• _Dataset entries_
============================================================

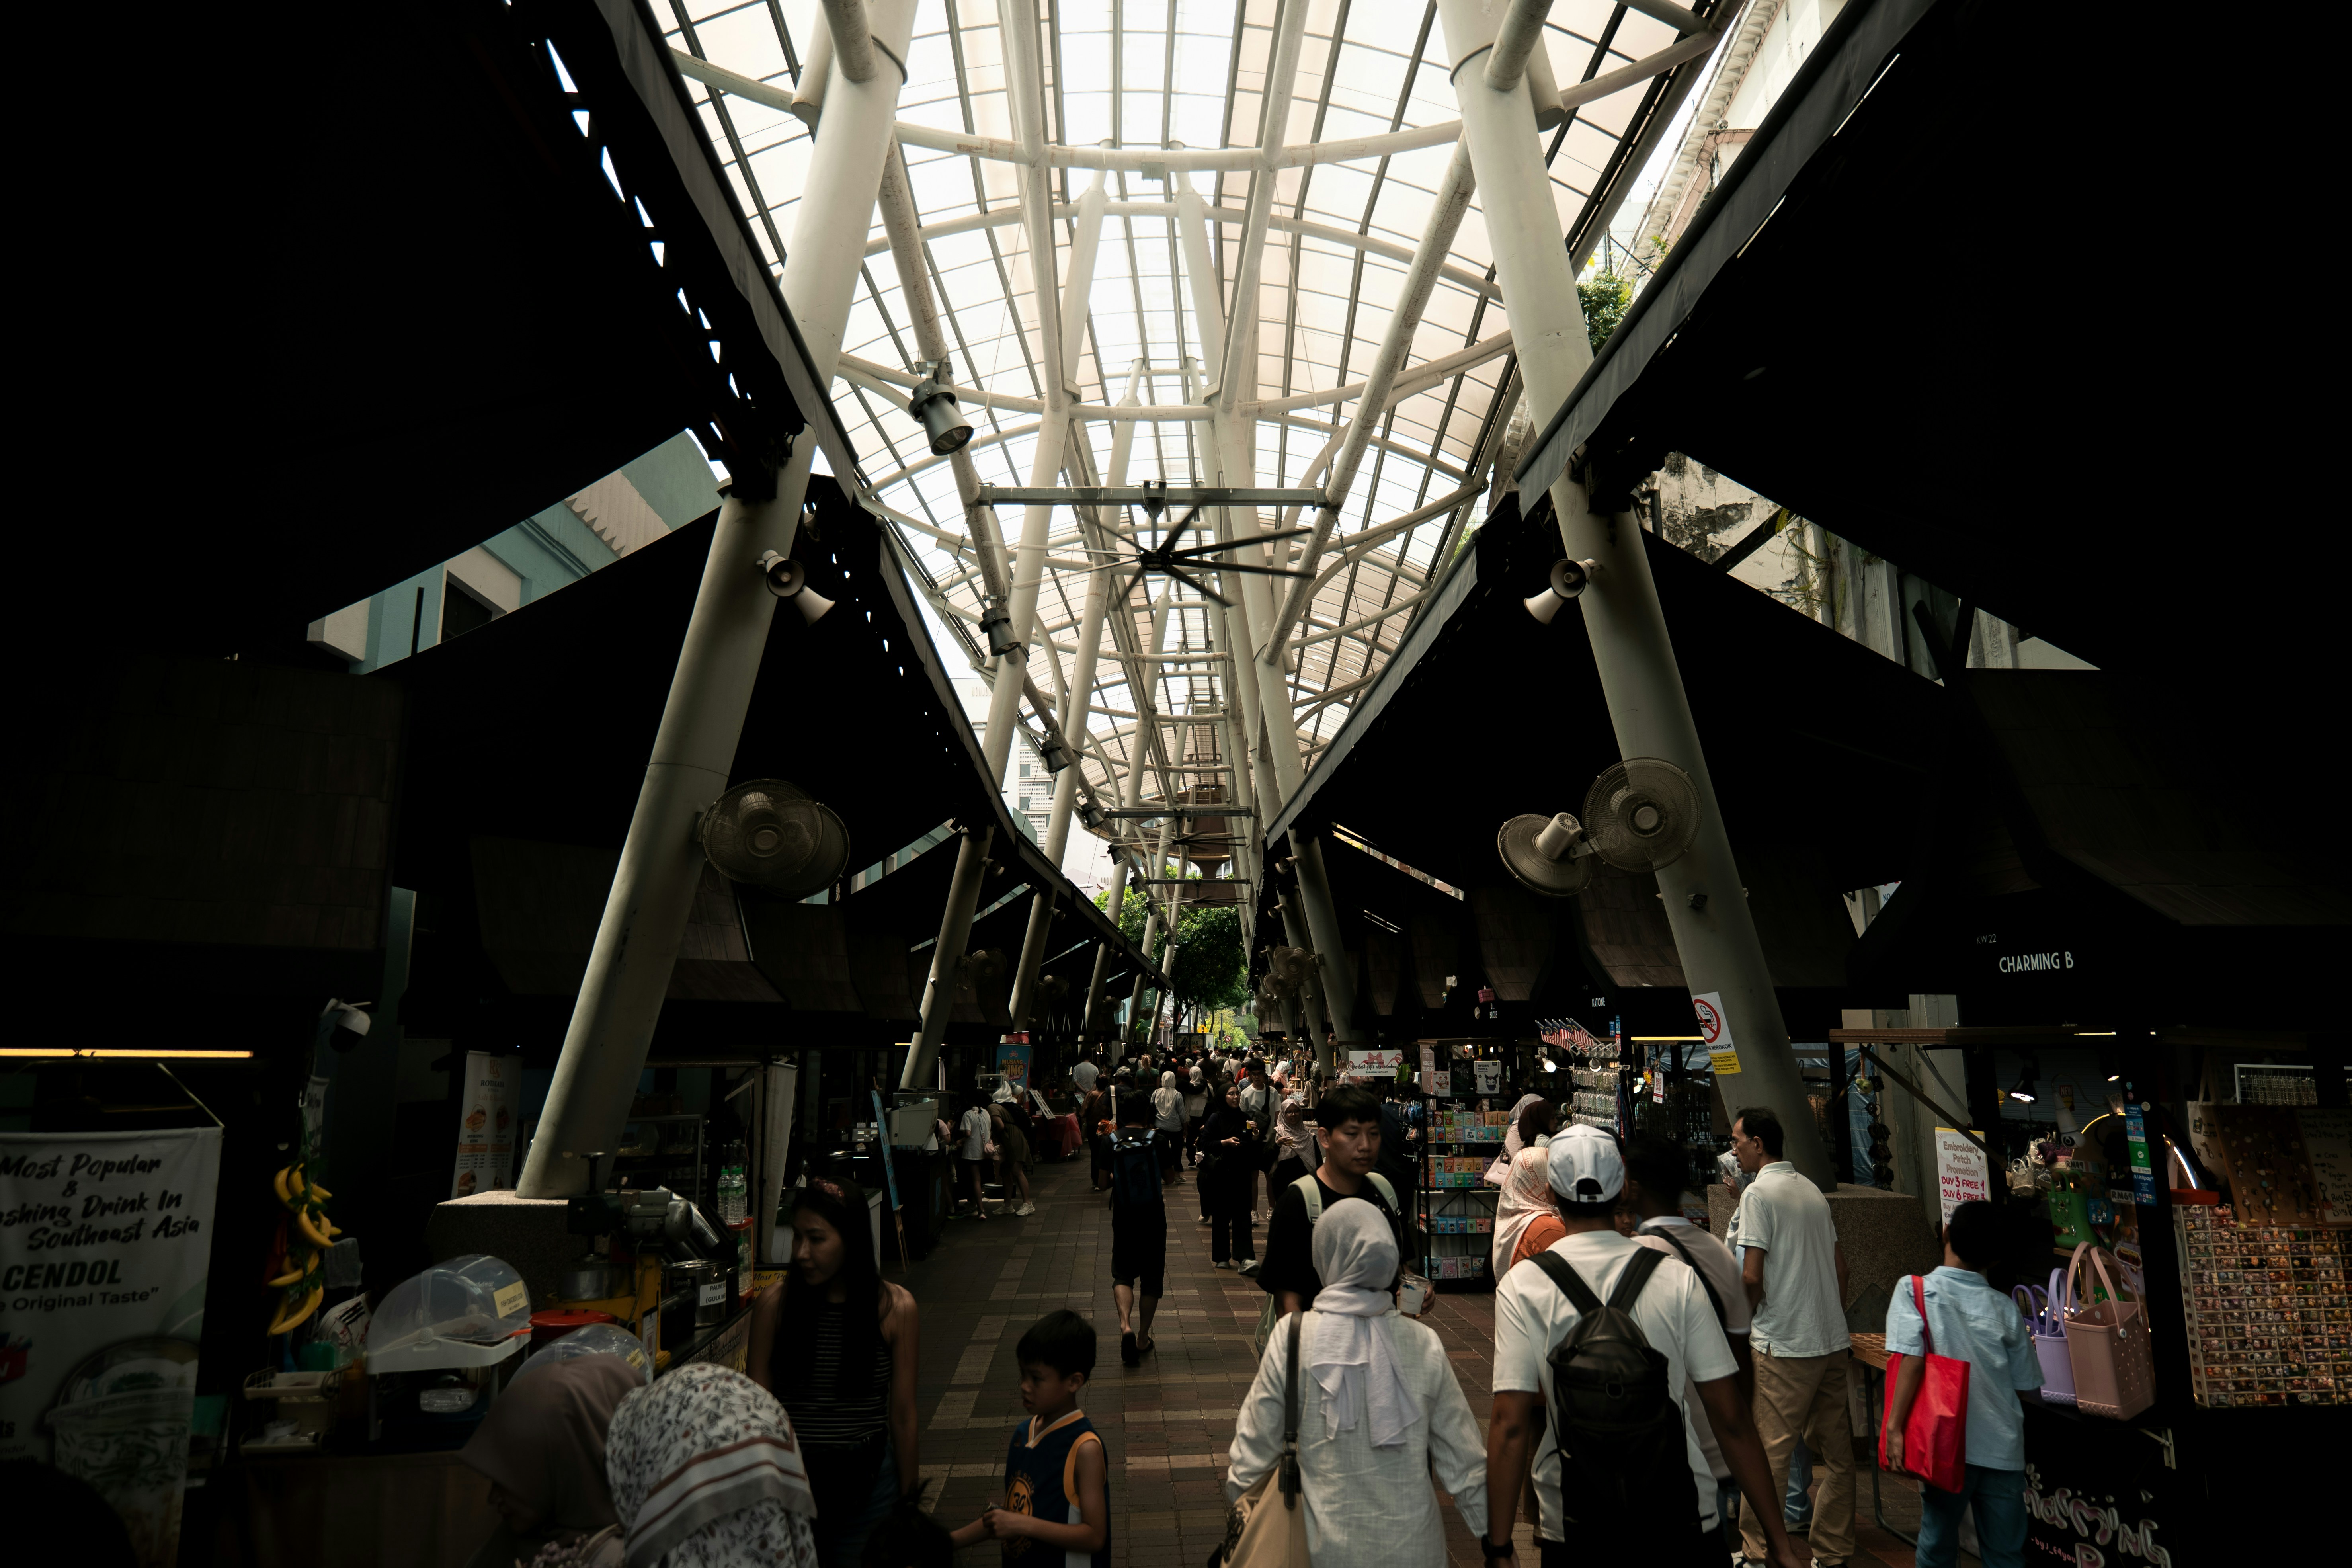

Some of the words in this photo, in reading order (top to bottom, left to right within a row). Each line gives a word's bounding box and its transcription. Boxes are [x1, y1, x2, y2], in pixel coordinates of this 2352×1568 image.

[1977, 935, 1987, 945] KW
[1988, 934, 1997, 943] 22
[1999, 952, 2060, 973] CHARMING
[2065, 951, 2073, 969] B
[1592, 997, 1606, 1008] KATONE
[1005, 1065, 1024, 1075] ING
[2060, 1086, 2073, 1095] NEW
[1943, 1141, 1979, 1154] Embroidery
[1953, 1153, 1971, 1165] Patch
[2066, 1160, 2084, 1170] RM49
[0, 1155, 66, 1179] Most
[69, 1153, 162, 1182] Popular
[1946, 1164, 1979, 1177] Promotion
[62, 1181, 79, 1197] &
[1941, 1176, 1954, 1185] BUY
[1955, 1176, 1961, 1188] 3
[1962, 1179, 1979, 1189] FREE
[1980, 1179, 1985, 1191] 1
[1942, 1189, 1955, 1198] BUY
[1956, 1189, 1962, 1201] 6
[1963, 1192, 1979, 1201] FREE
[2112, 1191, 2133, 1201] RM69
[2331, 1193, 2344, 1204] Buy
[2343, 1191, 2352, 1201] 5
[82, 1192, 151, 1219] Drink
[158, 1190, 183, 1211] In
[27, 1218, 147, 1250] Southeast
[153, 1215, 201, 1238] Asia
[2, 1259, 122, 1291] CENDOL
[12, 1293, 94, 1312] Original
[706, 1295, 721, 1304] (GULA
[1013, 1492, 1026, 1511] 30
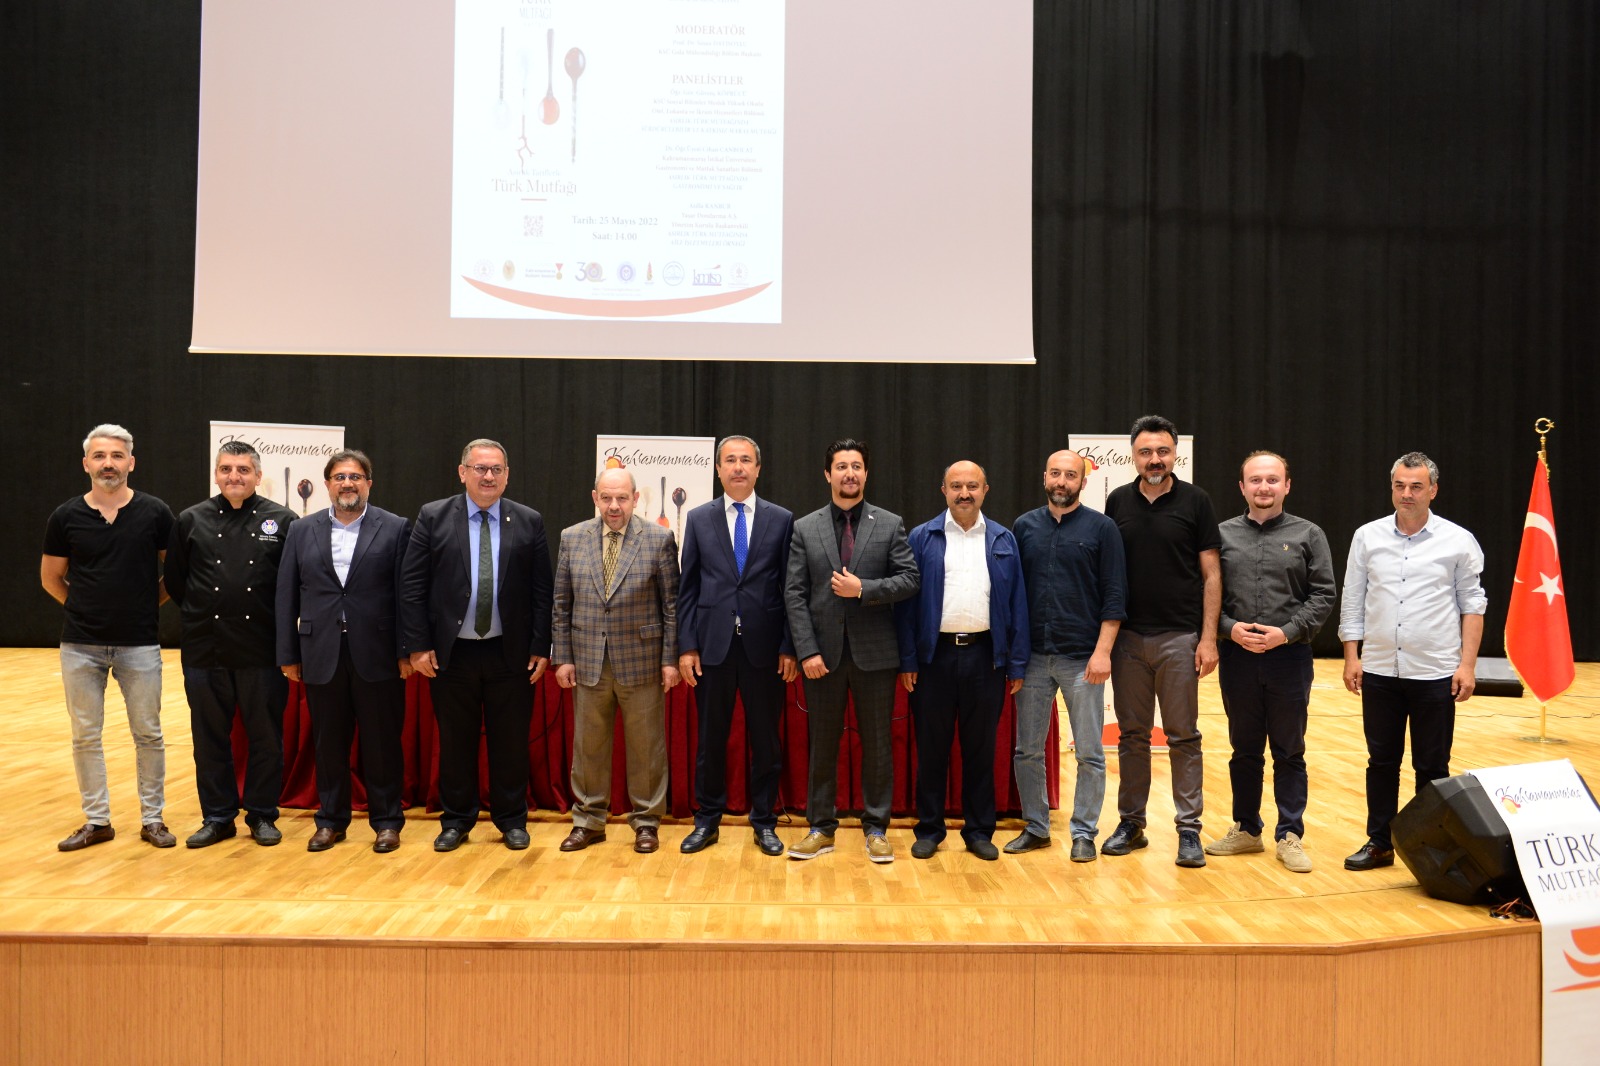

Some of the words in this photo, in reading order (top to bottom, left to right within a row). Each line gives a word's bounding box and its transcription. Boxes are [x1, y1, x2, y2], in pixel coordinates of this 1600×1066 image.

[674, 23, 746, 36] MODERATÖR
[672, 73, 744, 85] PANELİSTLER
[491, 178, 522, 192] Türk
[526, 178, 577, 196] Mutfağı
[571, 215, 597, 225] Tarih:
[599, 216, 609, 225] 25
[611, 216, 637, 227] Mayıs
[638, 217, 659, 226] 2022
[592, 232, 612, 240] Saat:
[615, 232, 638, 241] 14.00
[604, 446, 711, 468] Kahramanmaraş
[1526, 832, 1600, 869] TÜRK
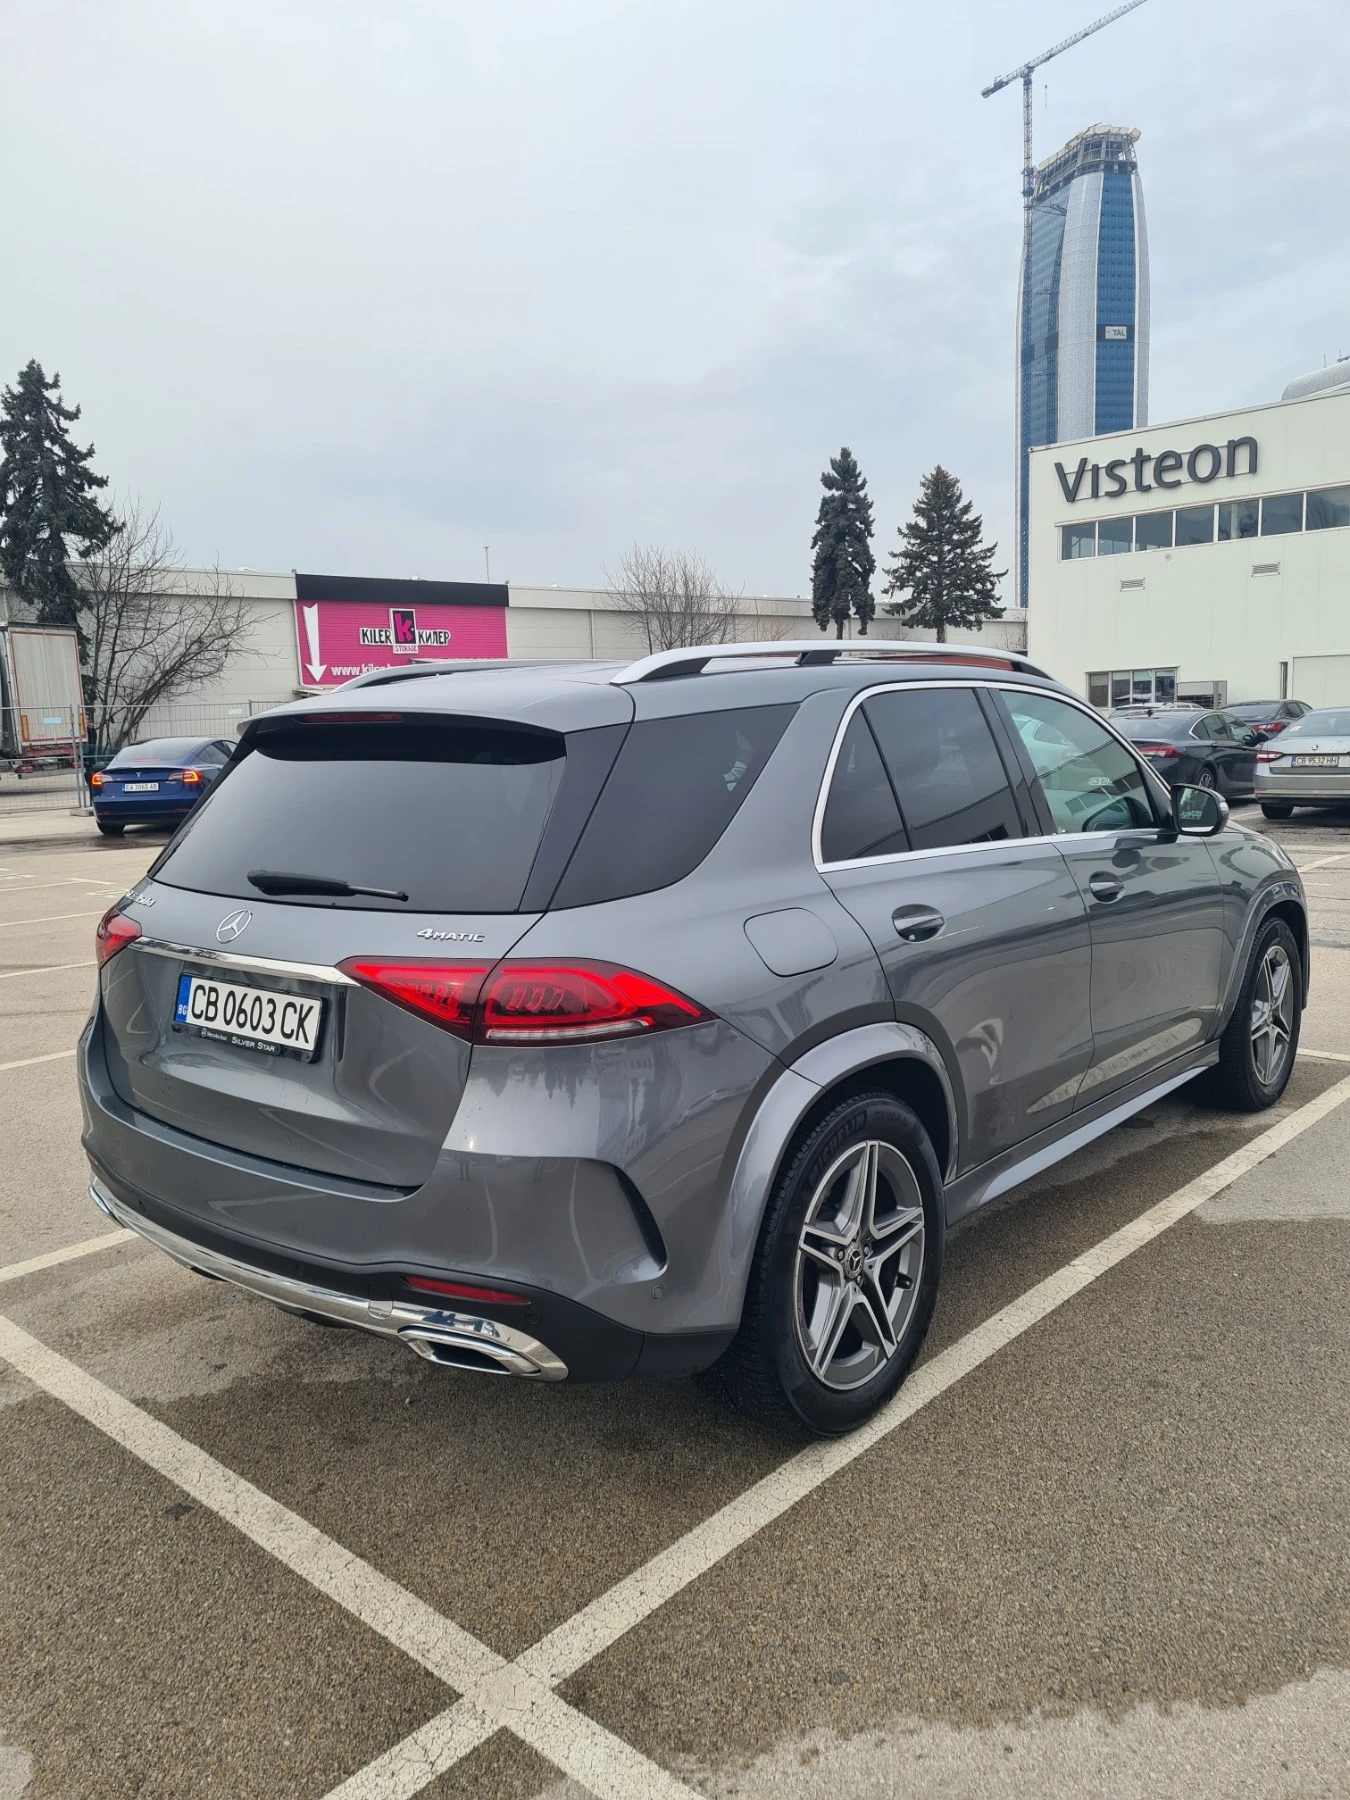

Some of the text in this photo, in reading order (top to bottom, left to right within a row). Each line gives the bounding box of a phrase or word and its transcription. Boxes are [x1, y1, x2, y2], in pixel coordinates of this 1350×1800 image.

============================================================

• _WORK REQUIRED_
Print the data once more without any change, skipping each picture.

• _EXERCISE OUTPUT_
Some of the words in this photo, in reading order (top to bottom, left to right within a row). Each line gives a word's bounding box and its transcription. Boxes are [x1, y1, x2, y2], in pixel coordinates of this 2352×1568 image.

[1977, 935, 1987, 945] KW
[1988, 934, 1997, 943] 22
[1999, 952, 2060, 973] CHARMING
[2065, 951, 2073, 969] B
[1592, 997, 1606, 1008] KATONE
[1005, 1065, 1024, 1075] ING
[2060, 1086, 2073, 1095] NEW
[1943, 1141, 1979, 1154] Embroidery
[1953, 1153, 1971, 1165] Patch
[2066, 1160, 2084, 1170] RM49
[0, 1155, 66, 1179] Most
[69, 1153, 162, 1182] Popular
[1946, 1164, 1979, 1177] Promotion
[62, 1181, 79, 1197] &
[1941, 1176, 1954, 1185] BUY
[1955, 1176, 1961, 1188] 3
[1962, 1179, 1979, 1189] FREE
[1980, 1179, 1985, 1191] 1
[1942, 1189, 1955, 1198] BUY
[1956, 1189, 1962, 1201] 6
[1963, 1192, 1979, 1201] FREE
[2112, 1191, 2133, 1201] RM69
[2331, 1193, 2344, 1204] Buy
[2343, 1191, 2352, 1201] 5
[82, 1192, 151, 1219] Drink
[158, 1190, 183, 1211] In
[27, 1218, 147, 1250] Southeast
[153, 1215, 201, 1238] Asia
[2, 1259, 122, 1291] CENDOL
[12, 1293, 94, 1312] Original
[706, 1295, 721, 1304] (GULA
[1013, 1492, 1026, 1511] 30

Some of the words in this photo, in reading order (top to bottom, left to right within a row). Each line gives a word's bounding box and its transcription. Boxes are [x1, y1, x2, y2], in pixel coordinates of this 1600×1066 image.

[674, 23, 746, 36] MODERATÖR
[672, 73, 744, 85] PANELİSTLER
[491, 178, 522, 192] Türk
[526, 178, 577, 196] Mutfağı
[571, 215, 597, 225] Tarih:
[599, 216, 609, 225] 25
[611, 216, 637, 227] Mayıs
[638, 217, 659, 226] 2022
[592, 232, 612, 240] Saat:
[615, 232, 638, 241] 14.00
[604, 446, 711, 468] Kahramanmaraş
[1526, 832, 1600, 869] TÜRK

Some of the text in this photo, in reading order (top to bottom, left to right within a row). Each line gives the bounding box of a phrase or word and its transcription. Boxes are [x1, y1, x2, y2], in pixel coordinates of this 1350×1800 image.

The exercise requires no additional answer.